Donning goggles, you get to scan the environment and see what's about to happen to a specific person or place, and such information essentially guides you where to look next, or how you should use a given object. Gradually you build up quite an arsenal of 'toys', all contributing greatly to freshening up the series.
Anyone fearing that the latest Sam & Max might tread water need worry no longer. With the trademark sharp witticisms layered onto challenging and inventive puzzles, this is the best possible start to the new season.
- Xbox Live Arcade / 800 Microsoft Points (£5.60 / €8)
- PlayStation Network (PS3) / £7.99 / €9.99
- PC / coming soon
Released a few weeks back, this land-grab turn-based strategy title has been lavished with praise, and it's easy to see why.
Built around the delicate balance between harvesting and destruction, the game sees each player occupying a series of hexagonal columns and aiming to be the last man standing.
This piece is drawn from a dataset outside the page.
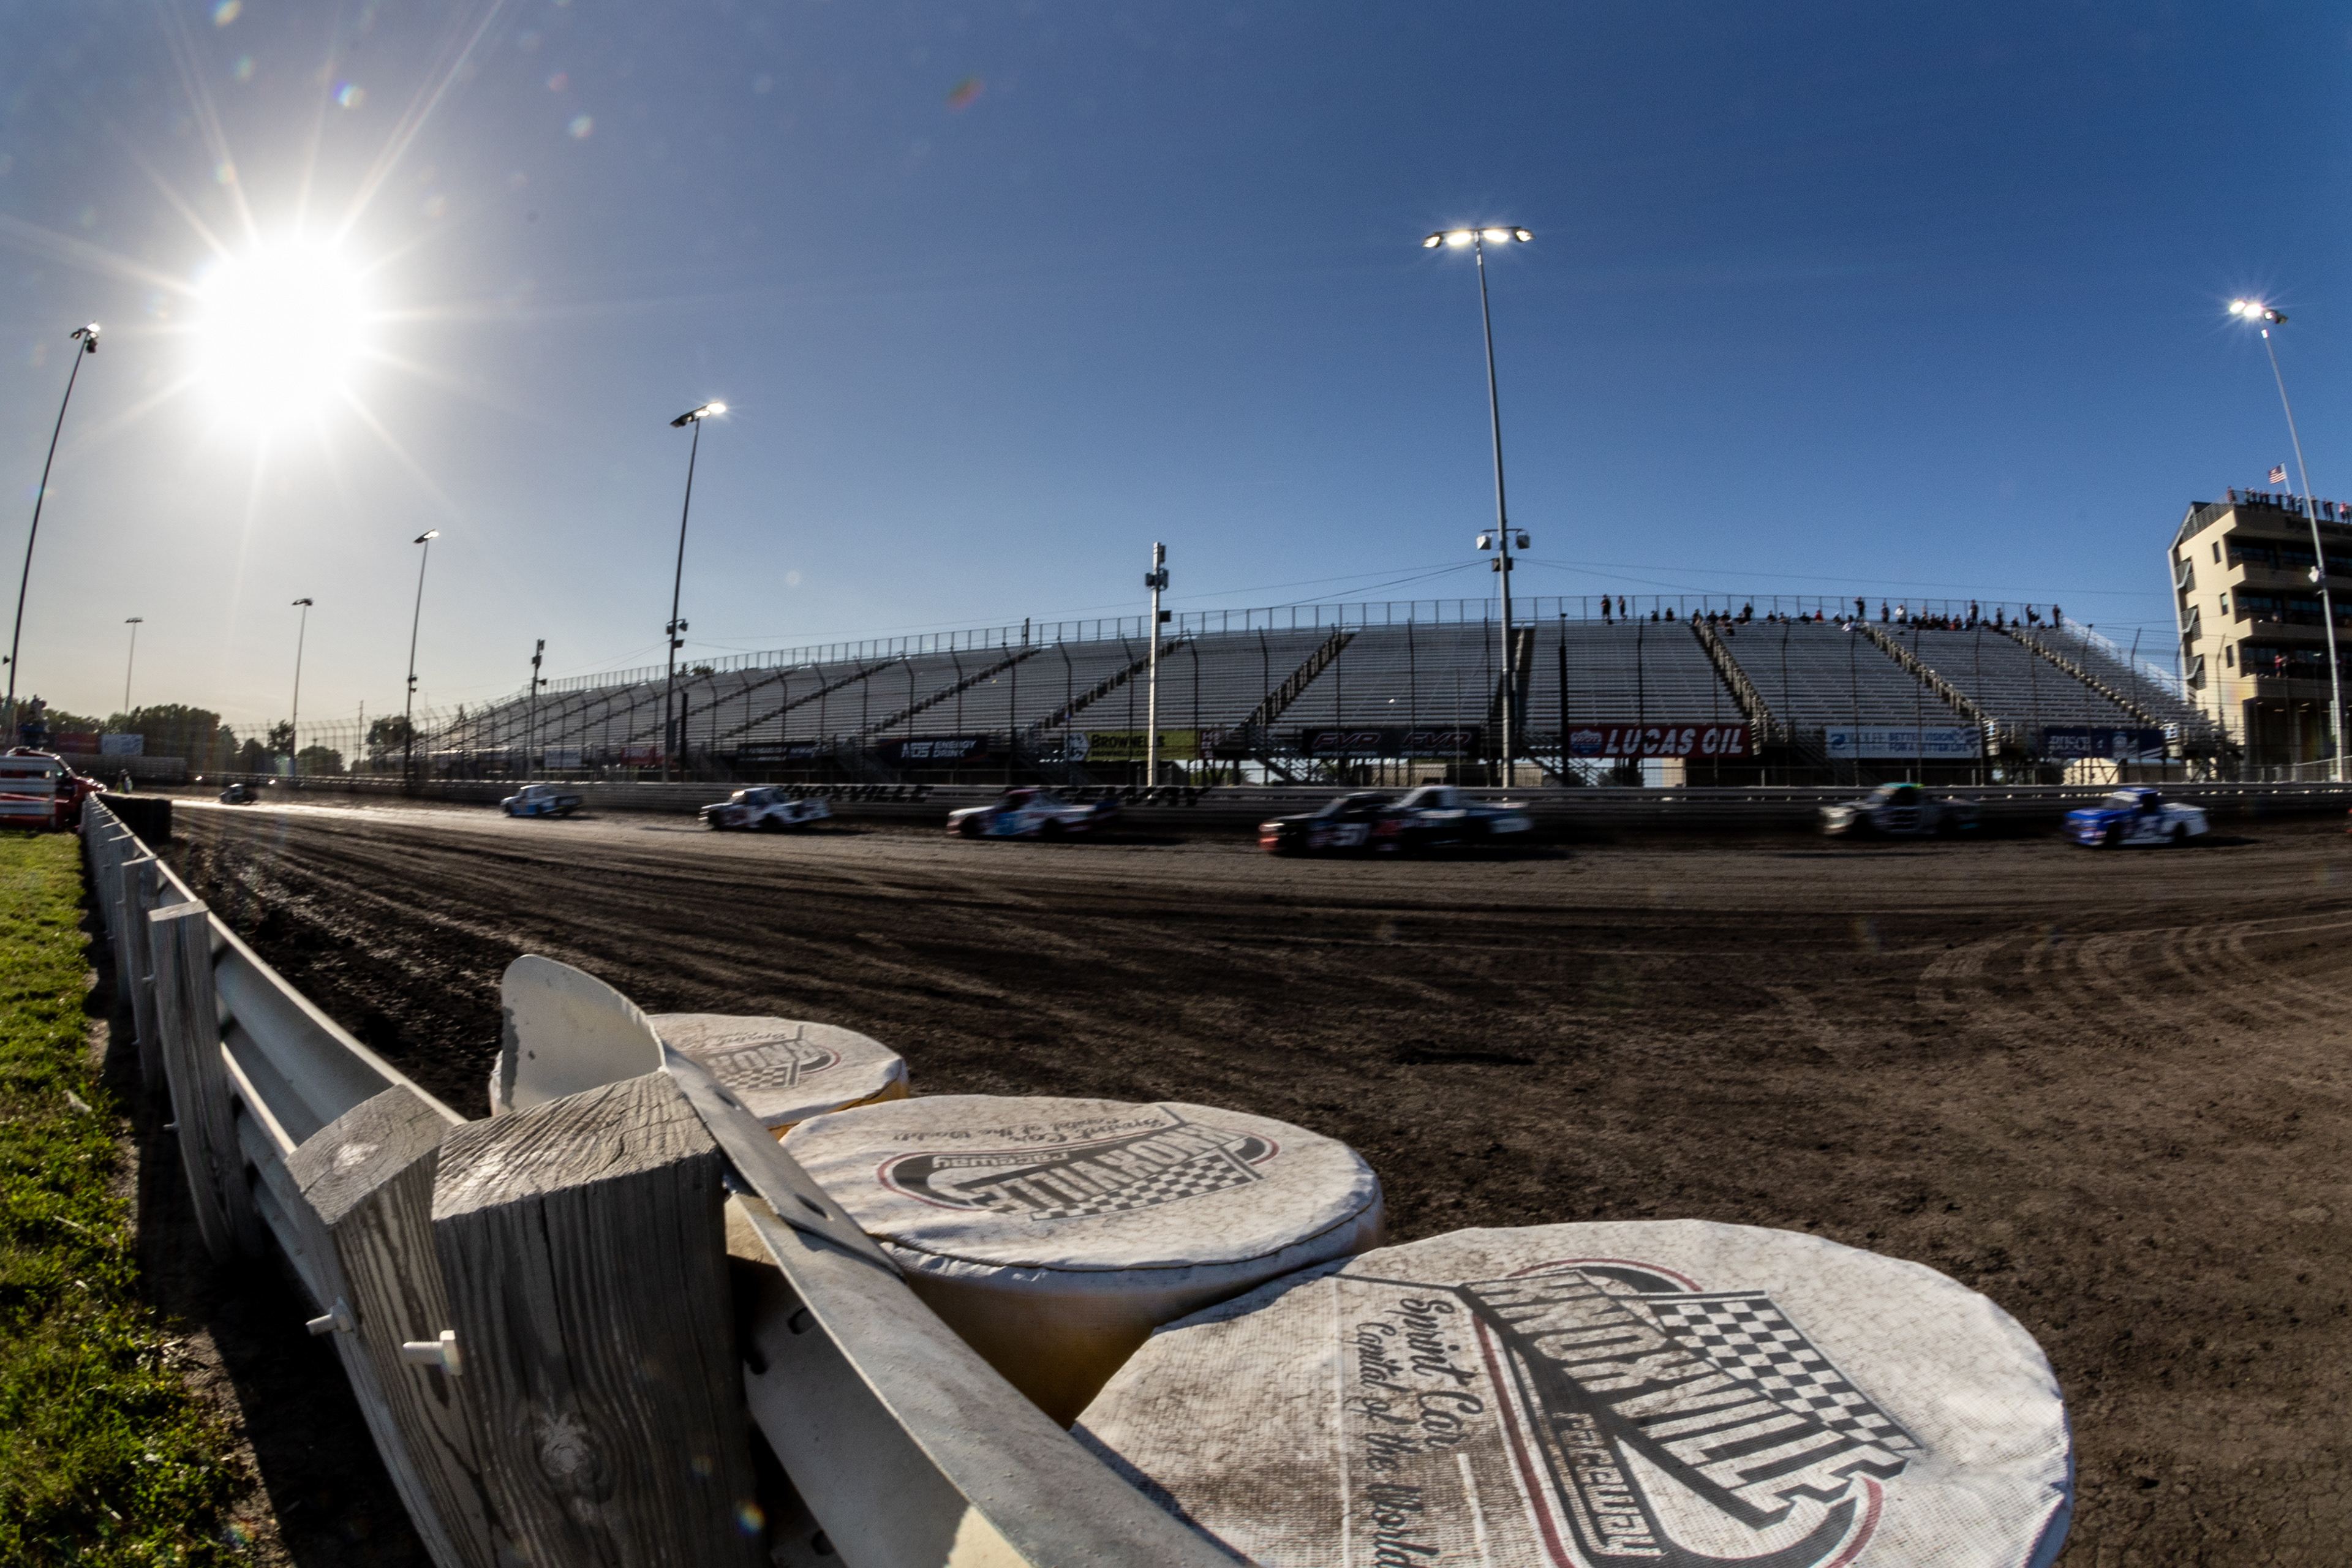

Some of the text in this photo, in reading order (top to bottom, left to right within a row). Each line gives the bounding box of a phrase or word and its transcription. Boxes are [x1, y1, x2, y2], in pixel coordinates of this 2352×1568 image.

With minimal resources to begin with, you can build harvesters to go and gather more resources, but in doing so, you physically consume the very ground that you occupy.
Harvesting reaps resources, which enable you accumulate credits and build the Walkers and Cannons that you need in order to damage your enemy, but it's a risky business. Build you harvesters too soon, or place them unwisely, and the columns will eventually crumble away, potentially taking key adjacent units with them.
Several strategies open up to you, such as bombing enemy tiles from afar, or capturing buildings and cannons. Carrier Attacks, for example, allow you to load up to 16 Walkers into them and fly across to an enemy tile, killing one defender for every attacker you commit.
But with such limited resources available to you, it's usually best to focus on a specific plan of attack - even then, with such a delicate balance you'll rarely know whether you've got the upper hand until late in the game. Sometimes, you'll pull a victory out of the bag from nowhere, such is the unpredictable nature of Greed Corp.
Supporting up to four players at once, the game lends itself brilliantly to playing with your mates (locally or online), but is equally good fun against the computer in the hugely challenging campaign mode. A word of warning, though: the tutorial barely scratches the surface, and unless you're persistent and can deal with plenty of initial trial and error, Greed Corp will take time to appreciate. Once it clicks, though, this is a hugely absorbing and satisfying journey into pure strategy gaming.